**Prompt:**
Print every record below exactly as it stands, but leave out the pictures.

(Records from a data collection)

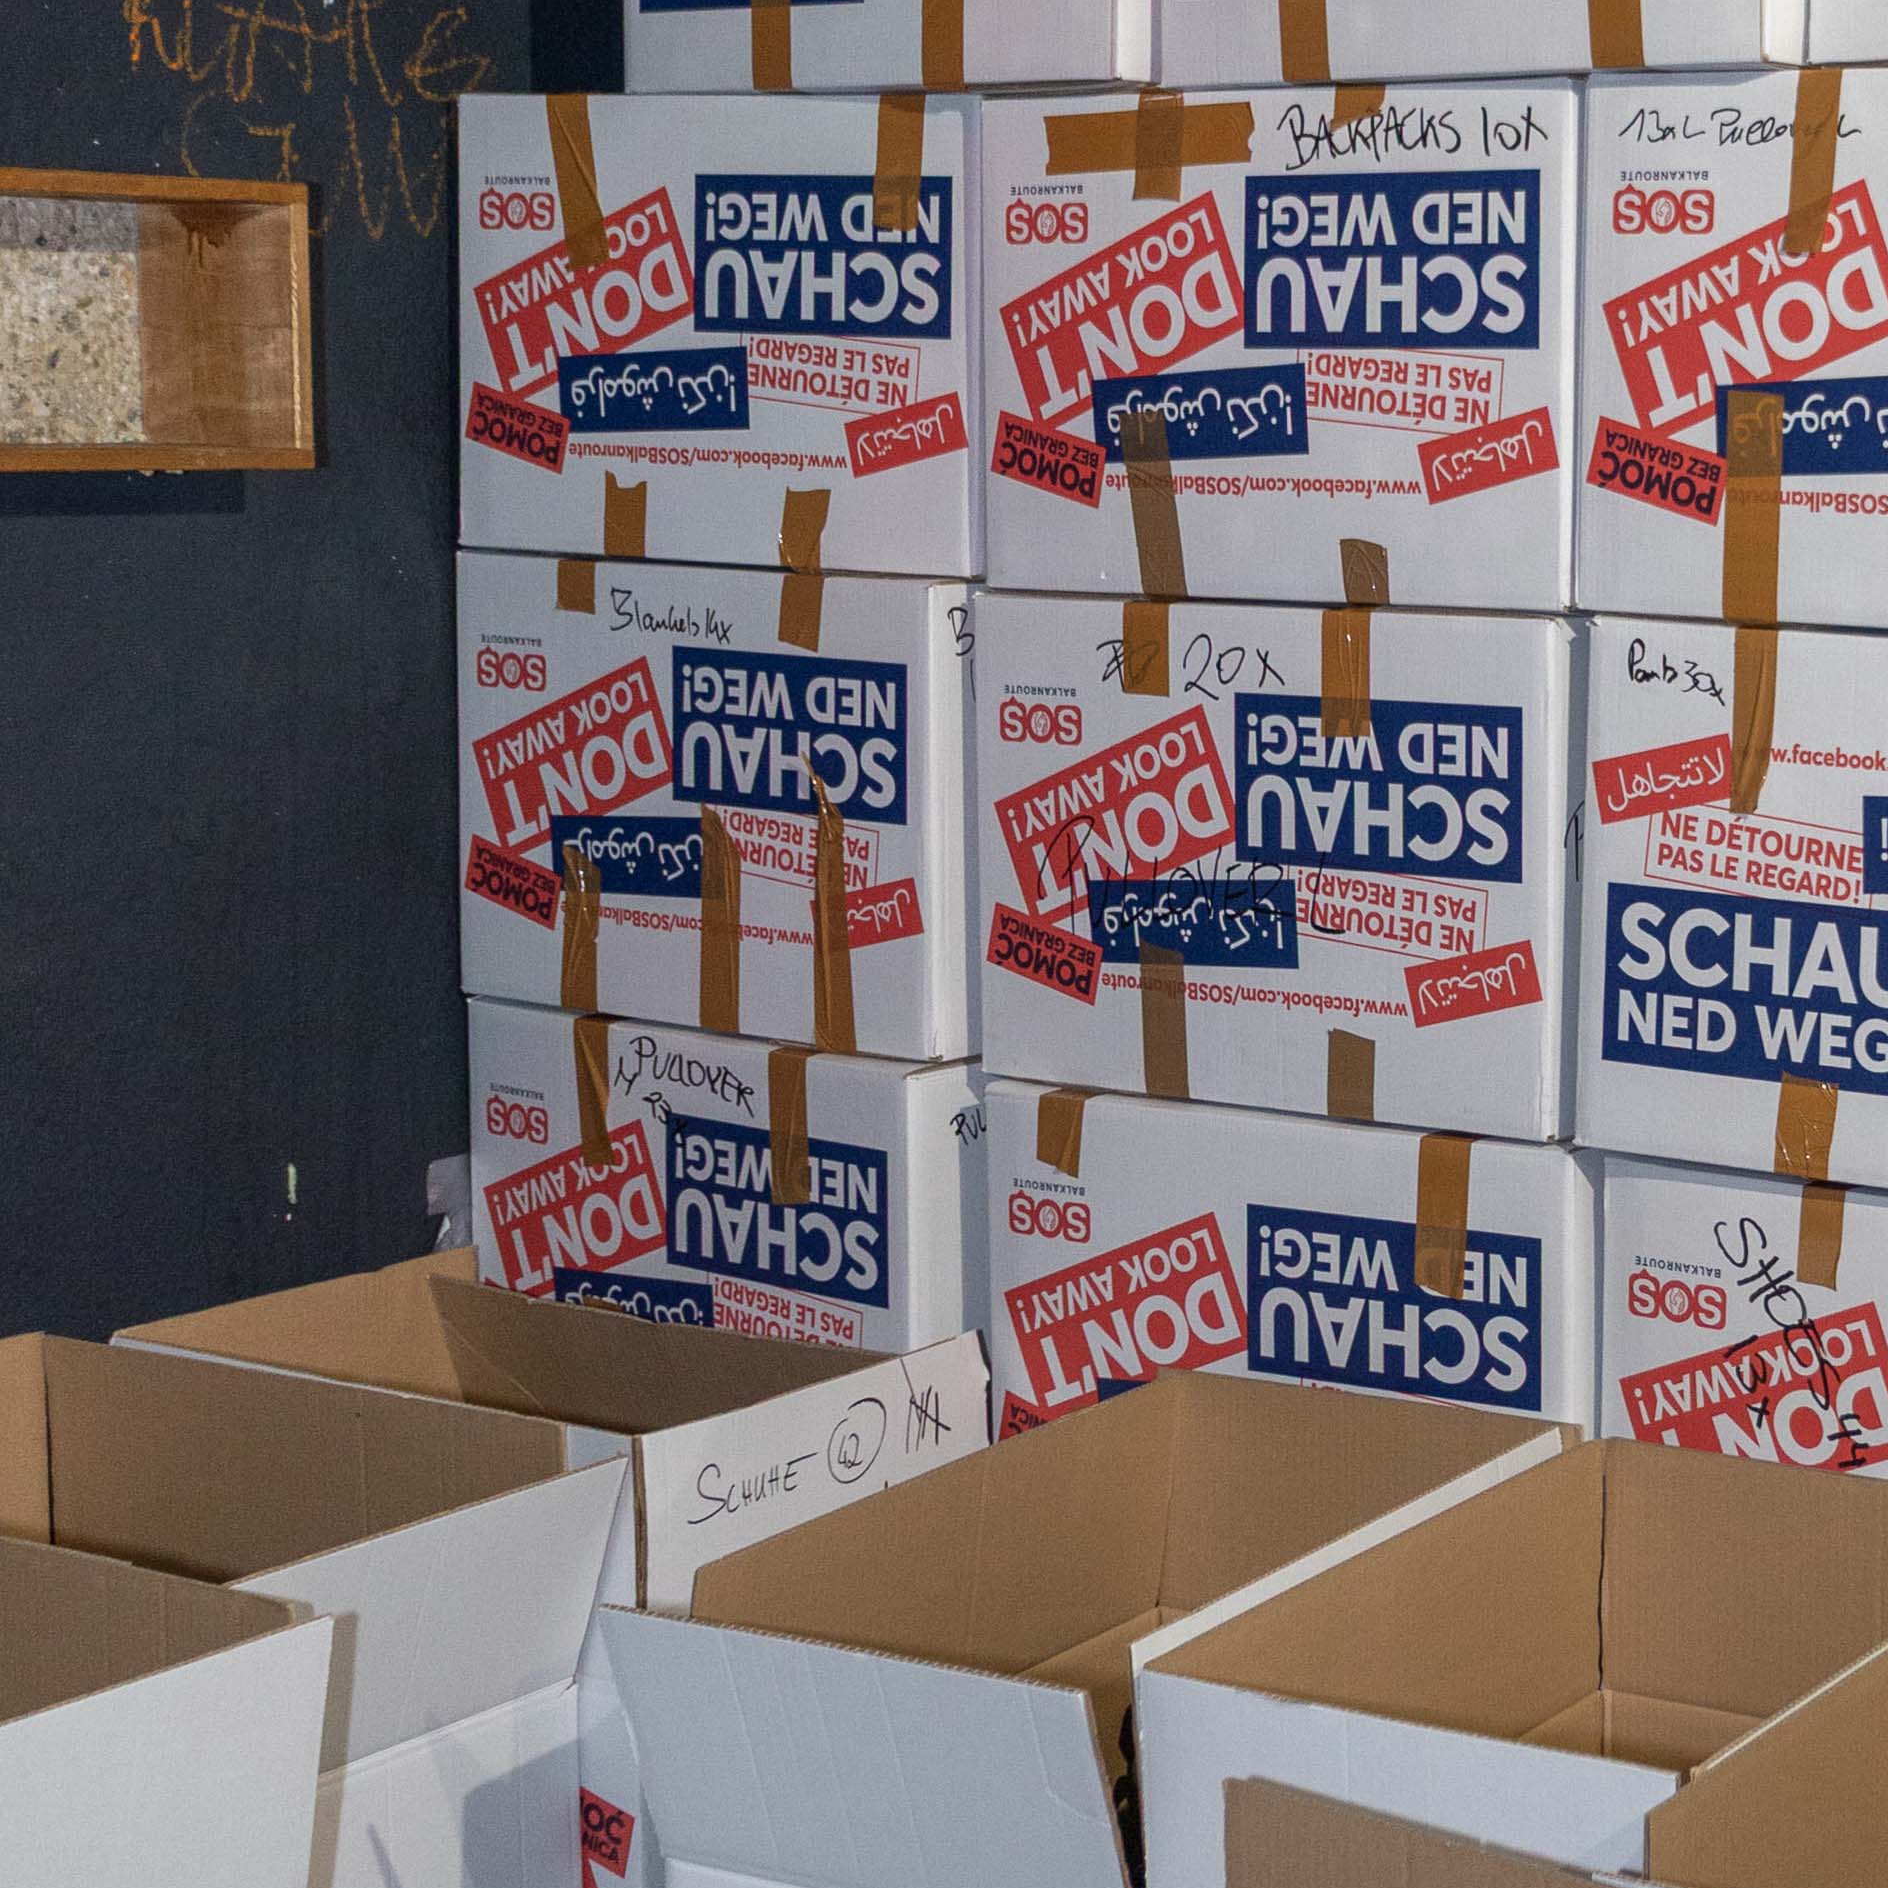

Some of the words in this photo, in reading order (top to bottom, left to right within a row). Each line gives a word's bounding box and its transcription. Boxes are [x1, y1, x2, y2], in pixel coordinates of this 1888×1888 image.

[483, 191, 551, 227] SOS
[1258, 193, 1396, 248] WEG!
[1413, 191, 1525, 245] NED
[1115, 207, 1214, 285] LOOK
[704, 246, 941, 325] SCHAU
[1011, 261, 1111, 347] AWAY!
[1255, 255, 1527, 333] SCHAU
[568, 670, 648, 733] LOOK
[683, 666, 793, 720] WEG!
[806, 674, 896, 731] NED
[483, 710, 565, 779] AWAY!
[1246, 770, 1510, 868] SCHAU
[995, 932, 1092, 996] POMOĆ
[1616, 987, 1737, 1056] NED
[674, 1182, 879, 1294] SCHAU
[1011, 1195, 1086, 1241] SOS
[1634, 1255, 1721, 1279] BALKANROUTE
[1632, 1274, 1721, 1327] SOS
[1258, 1281, 1528, 1396] SCHAU

**Solution:**
Some of the words in this photo, in reading order (top to bottom, left to right within a row). Each line gives a word's bounding box and its transcription. Boxes are [x1, y1, x2, y2], in pixel coordinates of this 1888×1888 image.

[483, 191, 551, 227] SOS
[1258, 193, 1396, 248] WEG!
[1413, 191, 1525, 245] NED
[1115, 207, 1214, 285] LOOK
[704, 246, 941, 325] SCHAU
[1011, 261, 1111, 347] AWAY!
[1255, 255, 1527, 333] SCHAU
[568, 670, 648, 733] LOOK
[683, 666, 793, 720] WEG!
[806, 674, 896, 731] NED
[483, 710, 565, 779] AWAY!
[1246, 770, 1510, 868] SCHAU
[995, 932, 1092, 996] POMOĆ
[1616, 987, 1737, 1056] NED
[674, 1182, 879, 1294] SCHAU
[1011, 1195, 1086, 1241] SOS
[1634, 1255, 1721, 1279] BALKANROUTE
[1632, 1274, 1721, 1327] SOS
[1258, 1281, 1528, 1396] SCHAU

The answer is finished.